Geoscientists and engineers nowadays share these models, often referred
to as "unified common earth models", to ensure that all
members of an asset team have access to all field data. This is
of paramount importance because new reservoirs tend to become smaller,
tighter, and dirtier. As a result, distinguishing sub-seismic features
(laminations / shale pinch outs / small faults / subtle stratigraphic
traps), and assessing productivity (relative permeability) are even
more critical factors for reservoir development than in the past.
The higher resolution both in delineation of reservoir boundaries,
and for flow properties is essential to develop marginal prospects
economically.
This lecture will give a number of examples of recent developments
in formation evaluation that provide this higher resolution, and
improve estimates of productivity. Techniques which will be reviewed
include dielectric logging, borehole imaging, x-dipole sonic logging,
single well seismic, permeability estimates from both Stoneley waves
and nuclear magnetic resonance logs, and finally determining reservoir
properties from electro-microscope images.

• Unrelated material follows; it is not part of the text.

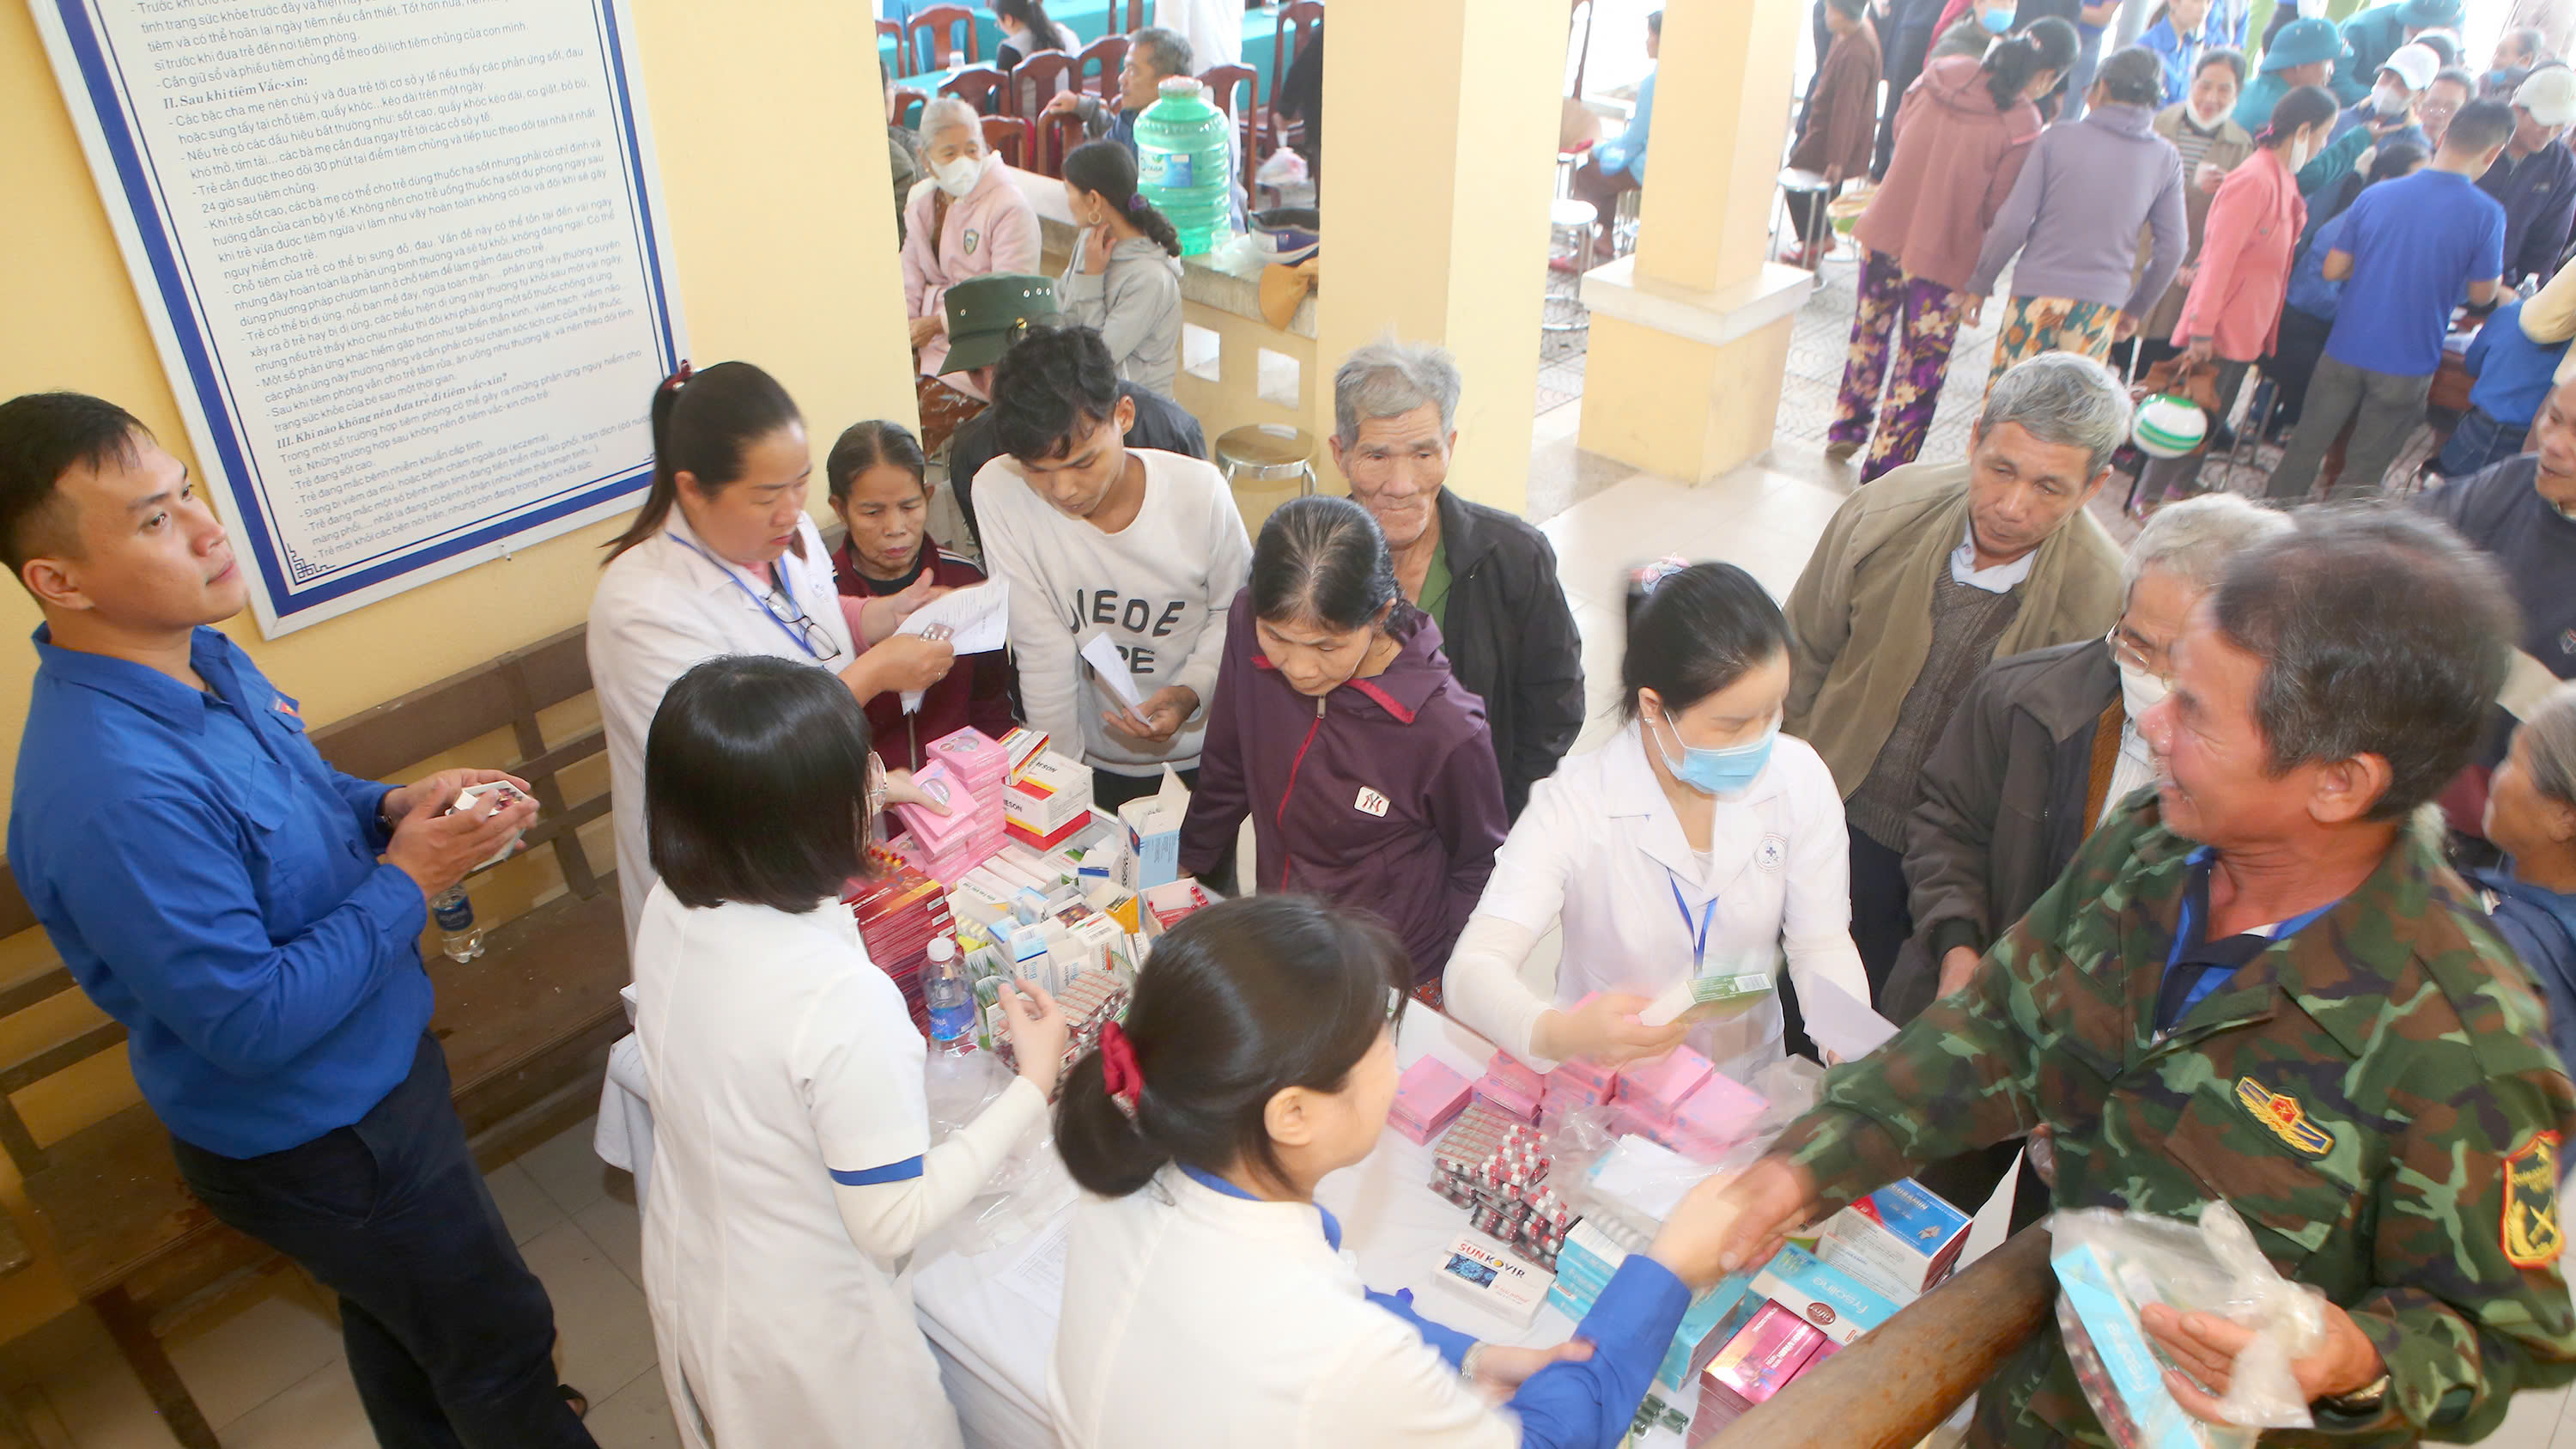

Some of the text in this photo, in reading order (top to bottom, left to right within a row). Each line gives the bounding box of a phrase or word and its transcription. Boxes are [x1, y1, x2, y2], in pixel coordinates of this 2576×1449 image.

Professor Peeters has held the Distinguished Baker Hughes Chair
since 1998. Prior to his tenure at CSM, he was professor of Petrophysics
at Delft University, and Petrophysical Adviser at Shell Research
in The Netherlands. Peeters received a MSc in Physics of Delft University
of Technology in 1 968, and a lecturer at the Royal Dutch Navy Academy.
In Shell International he worked in Australia, England, Brunei,
California, and Russia. Peeters received the Distinguished Technical
Achievement Award from the Society of Professional Well Log analysts
in 1996, and is one of the editors of the Petroleum Geoscience Journal.
His current research interests are pulsed neutron logging, invasion
corrections, and acoustic wave propagation in porous media.